PUNISHER : LES NEGRIERS

Publié le par DEVOTIONALL

Le Punisher est de retour : septième album des aventures de Franck Castle dans la collection MAX de chez Marvel France, ce qui tombe bien car ce label est spécialisé dans la production adulte, c'est à dire comportant des dialogues ou des thématiques à ne pas laisser entre toutes les mains. Le Punisher a toujours été ultra violent, et très anti conformiste, mais à chaque nouvelle sortie, nous avons l'impression de monter d'un ton. Cette fois, le voici aux prises avec un milieu qu'il n'a pas vraiment affronté jusque là, ou tout du moins bien moins souvent que les classiques histoires de drogue ou de mafieux : la prostitution des filles de l'est. Castle tombe sur un réseau qui exploite aux States ces filles albanaises, roumaines, ou de l'ex Yougloslavie, et pour lequel la vie humaine, surtout si référée à tous ce qui peut se mettre sur un trottoir pour tapiner, a bien peu de prix.

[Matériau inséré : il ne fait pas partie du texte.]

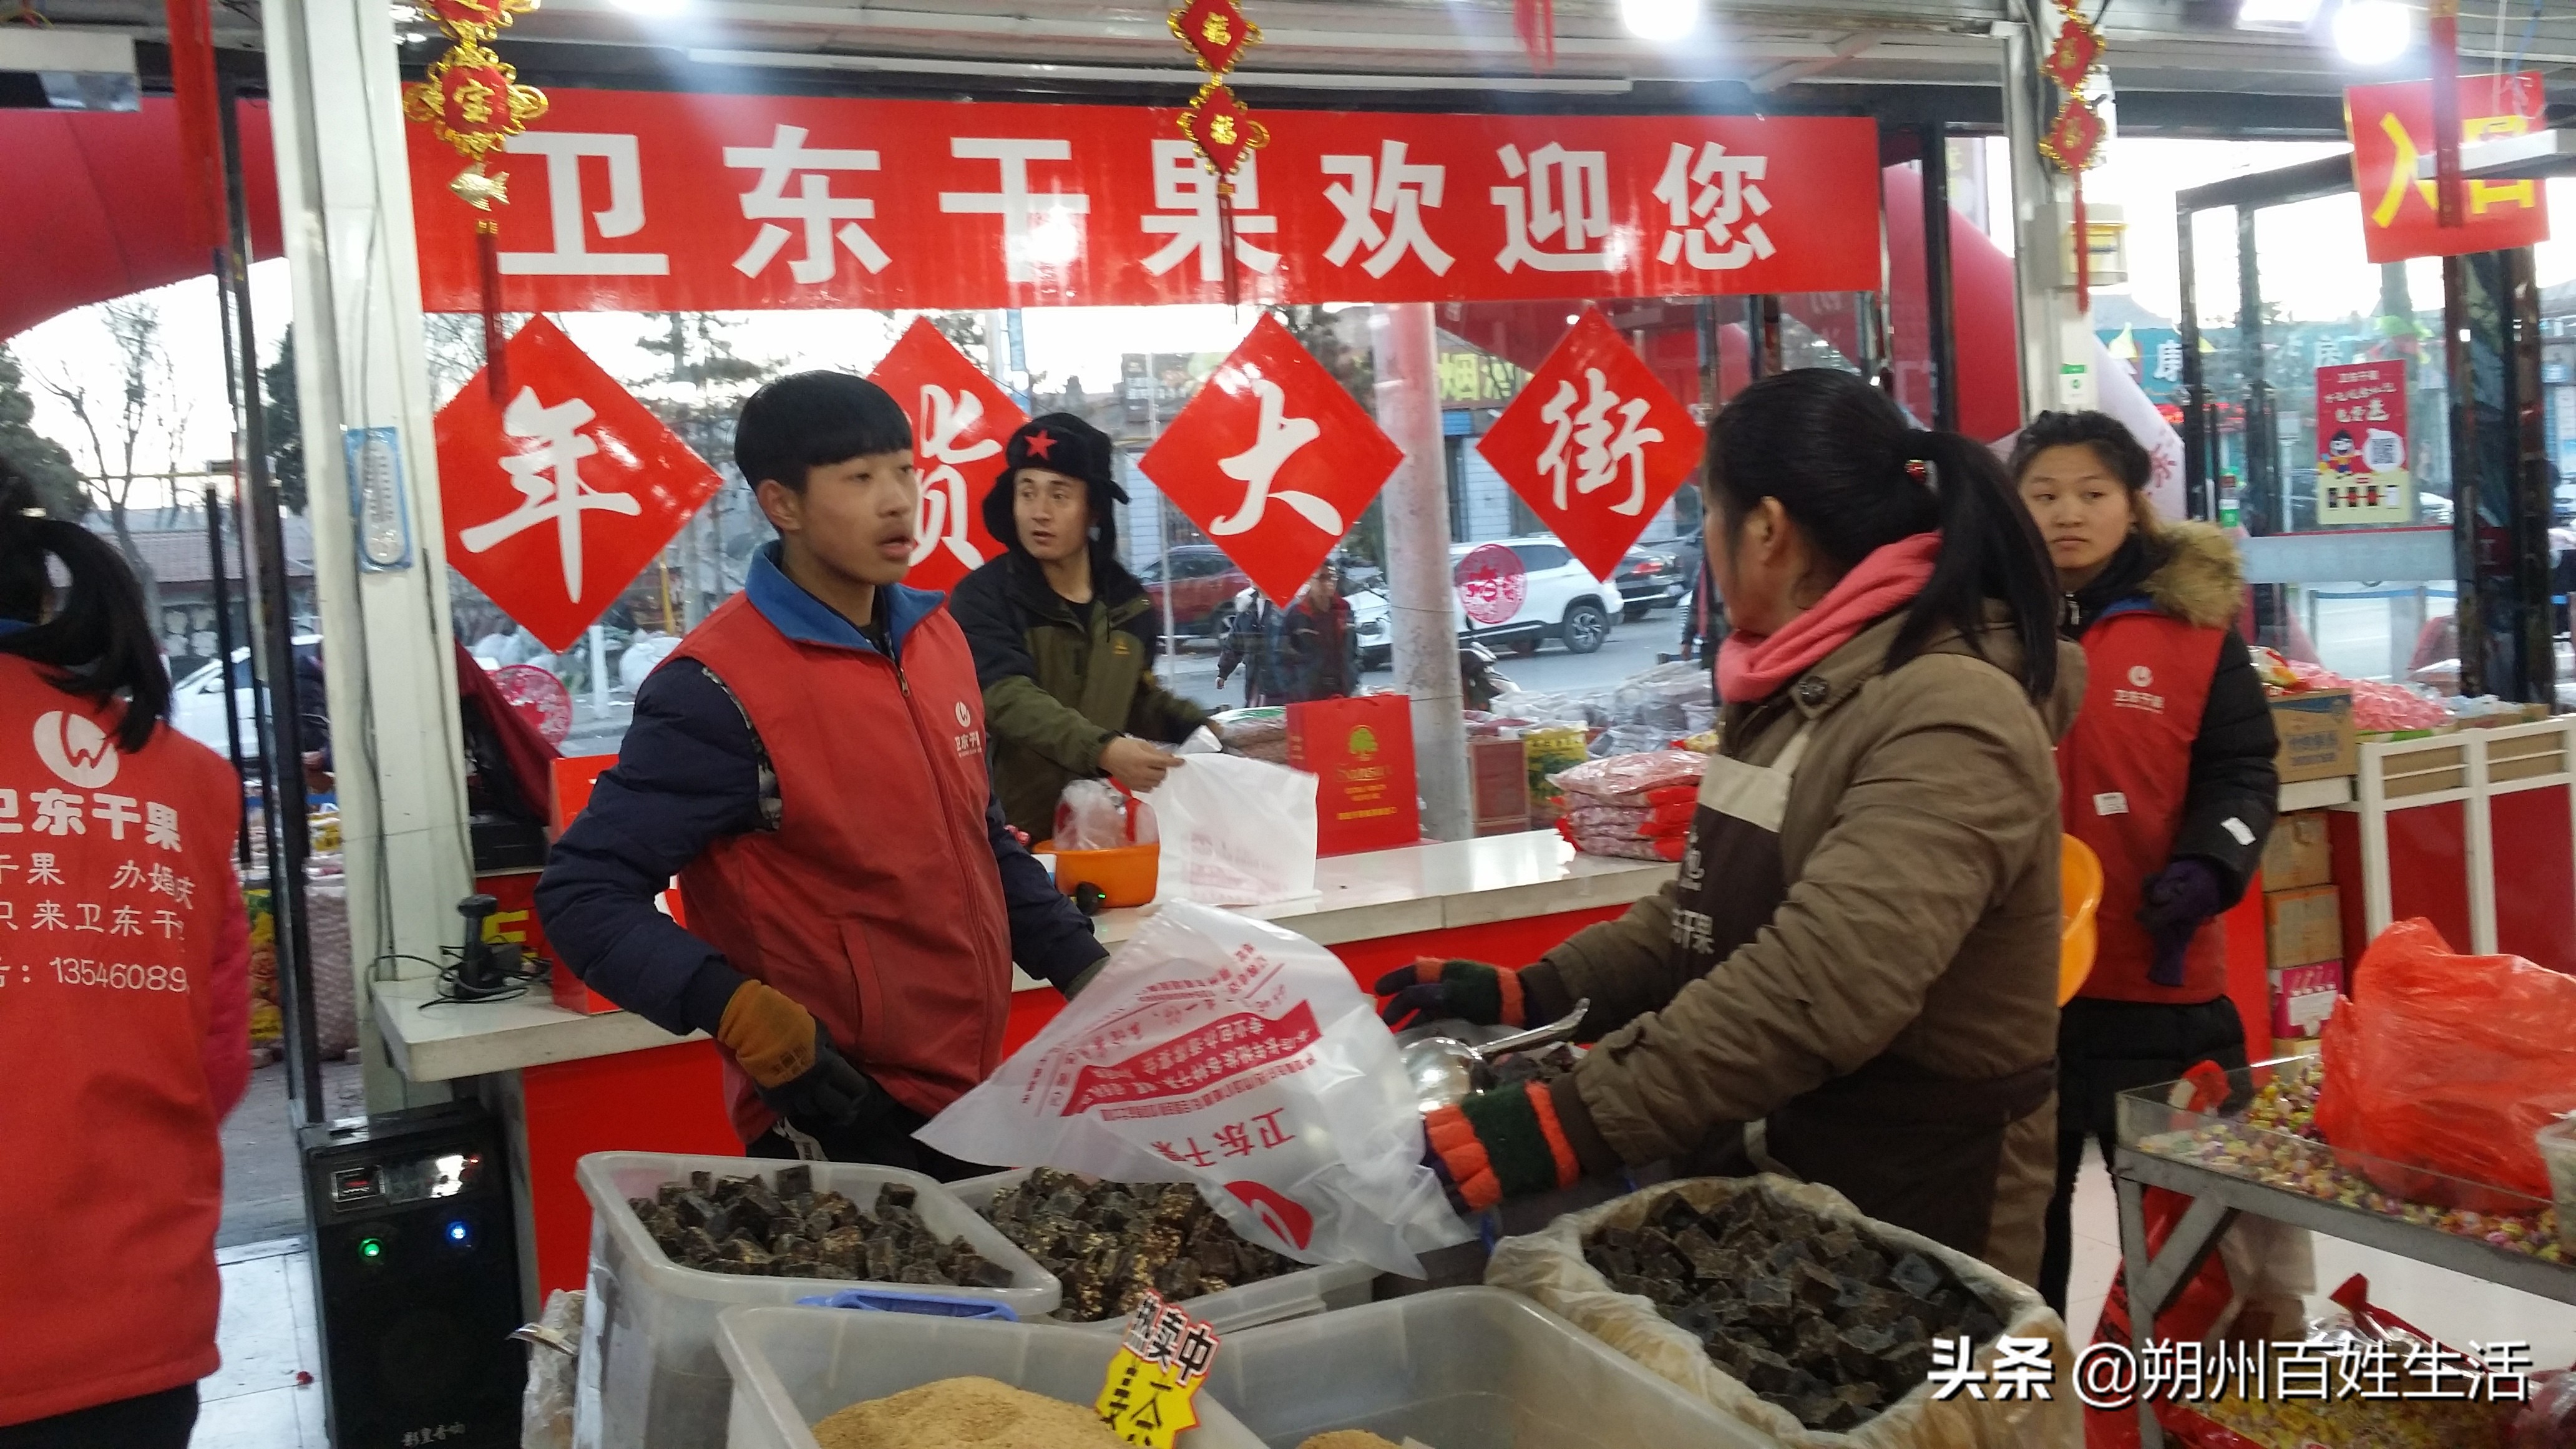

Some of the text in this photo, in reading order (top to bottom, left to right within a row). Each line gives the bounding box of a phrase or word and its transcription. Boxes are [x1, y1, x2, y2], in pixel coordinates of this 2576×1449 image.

A l'heure où les politiciens se demandent souvent si il va falloir légiférer plus sévèrement sur ce phénomène, le Punisher a son idée bien arrêtée sur le sujet, et il applique sa propre sentence allégrement, pour le grand plaisir des lecteurs, dans cet album sobrement intitulé LES NEGRIERS.

Encore une fois, suivre la trace du Punisher n'est pas si diificile : il suffit de suivre les cadavres qui jonchent son parcours. La misère humaine inspire particulièrement Garth Ennis qui signe là un nouveau scénario adulte et crédible, où des ex criminels de guerre serbes ont ramené comme trophée de leurs exploits la population féminine des villages qu'ils ont rasé, pour en faire des filles de rue. Le parcours menant à la déchéance est très bien relaté, et cette hsitoire court en parallèle avec les péripéties d'un couple de flics marginaux, et les tentatives d'officiers véreux pour décrédibiliser Castle, en organisant de fausses agressions du Punisher aux forces de l'ordre. La Police américaine n'en sort pas forcément grandie, et ça tire à tout va dans tous les coins, mais toujours à propos. Aux dessins Leandro Fernandez s'en tire avec tous les honneurs, et se cale sans mal dans ces ambiances glauques et urbaines où Frank Castle à le don de s'embourber. Un bon album, donc, dont l'ultra violence et la thématique délicate finira d'éloigner le jeune public de la série : qu'à cela ne tienne, Marvel vient de relancer la série régulière Punisher War Journal, qui devrait, elle, être lisible par tous, ou presque. En attendant la version française, jetez vous sur les negriers! (7/10)

                                           
                                           Punisher volume 7 : Les negriers
                                           Les filles de l'est ont leur sauveur!